A member of the 28th Civil Engineering Squadron operates a snow blower to clear the flightline at Ellsworth Air Force Base, S.D., Dec. 16, 2015. The airfield is the 28th Civil Engineer Squadron’s biggest mission and number one priority during winter months. (U.S. Air Force photo by Airman Sadie Colbert/Released)

A member of the 28th Civil Engineering Squadron operates a snow blower to clear the flightline at Ellsworth Air Force Base, S.D., Dec. 16, 2015. The airfield is the 28th Civil Engineer Squadron’s biggest mission and number one priority during winter months. (U.S. Air Force photo by Airman Sadie Colbert/Released)

A member of the 28th Civil Engineering Squadron operates a plow to push snow off the flightline at Ellsworth Air Force Base, S.D., Dec. 16, 2015. The 28th Civil Engineer Squadron maintains 125 pieces of equipment and is in charge of clearing the airfield and the base streets during inclement weather. (U.S. Air Force photo by Airman Sadie Colbert/Released)

A member of the 28th Civil Engineering Squadron operates a plow to push snow off the flightline at Ellsworth Air Force Base, S.D., Dec. 16, 2015. The 28th Civil Engineer Squadron maintains 125 pieces of equipment and is in charge of clearing the airfield and the base streets during inclement weather. (U.S. Air Force photo by Airman Sadie Colbert/Released)

ELLSWORTH AIR FORCE BASE, S.D. -- It's the time of the year when temperatures drop and snow relentlessly falls on base.

To handle this, the 28th Civil Engineer Squadron transforms into the "snow barn" and clears the base of snow and ice - their most critical mission of the year.

During the winter, the snow barn maintains approximately 125 pieces of equipment used to keep the base and airfield operational.

The CES Airmen, also known as the "dirt boyz", have cleared 3 million square yards of airfield, enabling the wing to launch 20 sorties despite over nine inches of snowfall this season.

However, the airfield is not the only area they worry about. Behind the scenes, Airmen prioritize each area to be cleared based on mission essential status.

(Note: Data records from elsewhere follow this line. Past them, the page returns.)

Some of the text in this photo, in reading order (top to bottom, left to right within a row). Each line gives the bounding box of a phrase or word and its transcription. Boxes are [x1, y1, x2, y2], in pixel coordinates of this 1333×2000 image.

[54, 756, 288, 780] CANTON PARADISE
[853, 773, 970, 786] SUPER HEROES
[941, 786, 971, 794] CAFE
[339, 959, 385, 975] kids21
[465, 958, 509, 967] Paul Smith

When a winter storm hits, some are curious when snow control will clear their area, but the reality is the flight has two priority lists; one for the flightline and the other for street-side. These tell snow barn personnel which sections to plow first and the process of clearing each space.

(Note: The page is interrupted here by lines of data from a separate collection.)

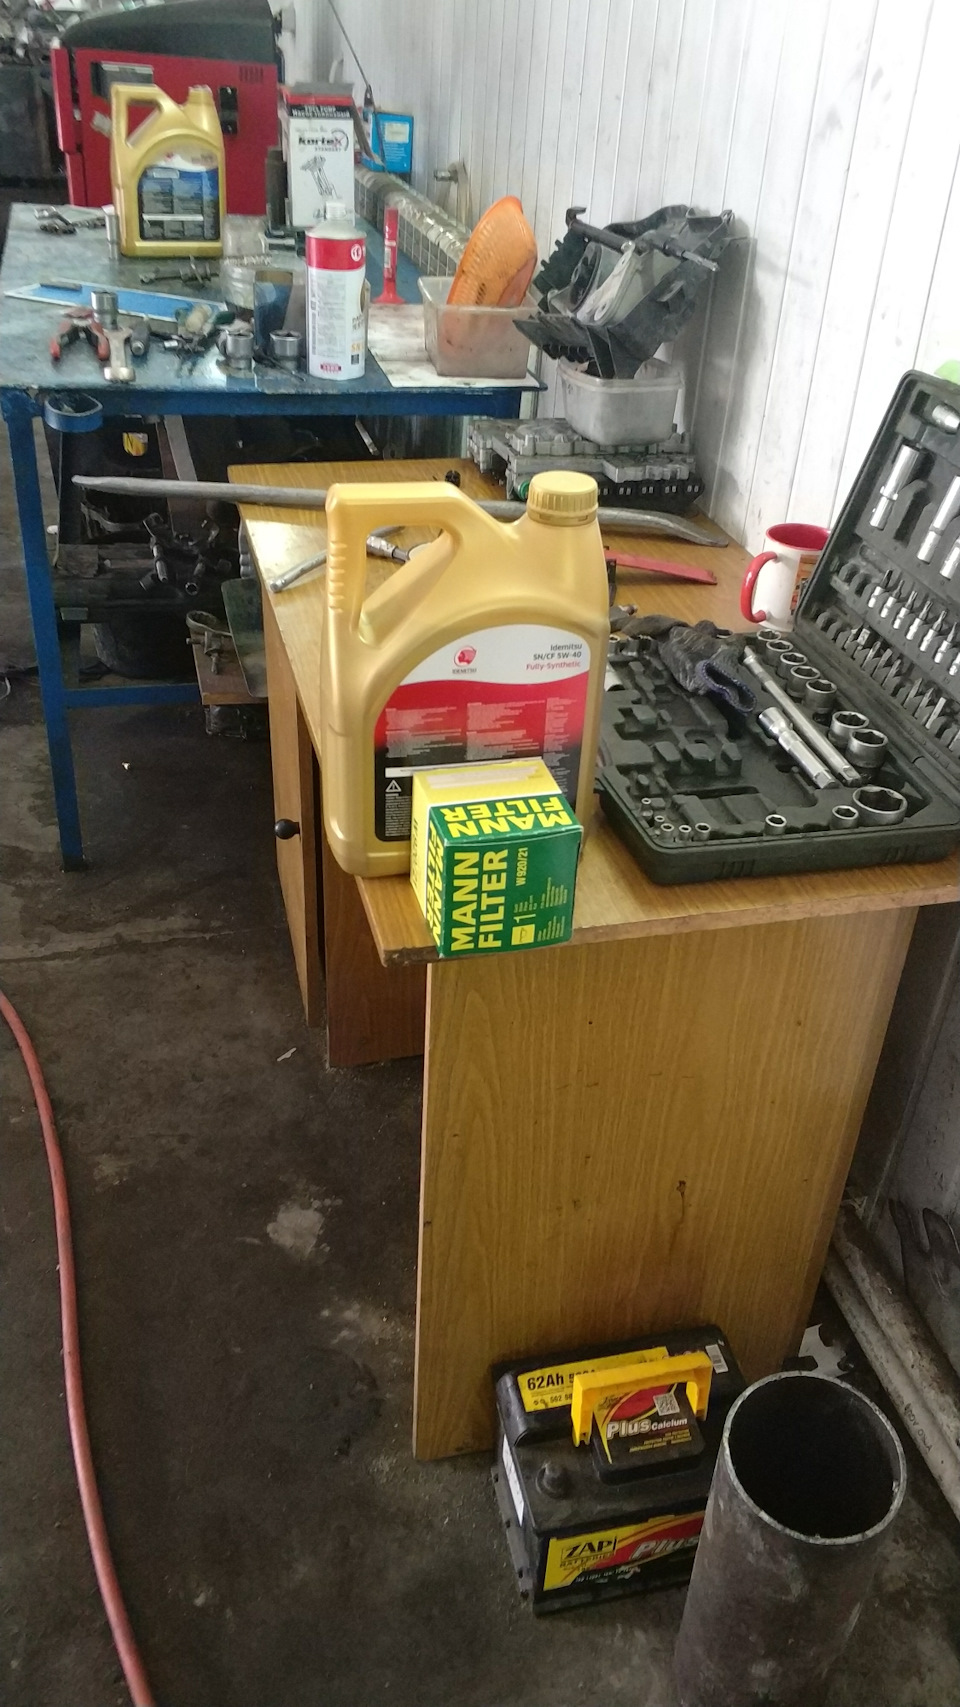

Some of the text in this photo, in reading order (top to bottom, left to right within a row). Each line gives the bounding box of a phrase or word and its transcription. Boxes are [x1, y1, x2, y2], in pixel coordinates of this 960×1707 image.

[533, 651, 582, 661] SN/CF 5W-40
[550, 643, 583, 651] Idemitsu
[526, 661, 581, 671] Fully-Synthetic
[440, 796, 564, 822] FILTER
[447, 811, 573, 838] MANN
[426, 820, 437, 929] FILTER
[432, 835, 444, 947] MANN
[451, 852, 480, 951] MANN
[478, 849, 508, 948] FILTER
[527, 1373, 564, 1391] 62Ah
[606, 1418, 688, 1440] Plus Calcium
[565, 1540, 613, 1558] ZAP
[628, 1536, 700, 1560] Plus

For the street-side list, the primary mission is to clear roads. Afterwards, they continue plowing prioritized buildings and lastly, once the snow has been piled up, they haul it out of the area.

Clearing the airfield, their top priority, is a little different.

On the flightline, six snow plows run simultaneously to clear the airfield, but there are challenges in keeping equipment serviceable, which can cause snow clearing to take up to a week.

"Sometimes it's frustrating," said Senior Airman Levi Ivey, 28th CES pavements and heavy equipment operator. "It could take 20 minutes to complete one loop and by time you get back to where you started, all that you've done has been covered up again by the snow."

While most people are sleeping, the snow barn is out working hard as ever, said Tech. Sgt. Bryan Vandersloot, 28th CES pavements and heavy equipment supervisor, and when they say a B-1 has to take off - regardless of inclement weather - a B-1 has to take off.

Additionally, complications can arise while clearing snow, such as cars in parking lots and stuck in streets, blocking the plows. Even the flight knows what it is like to be stranded.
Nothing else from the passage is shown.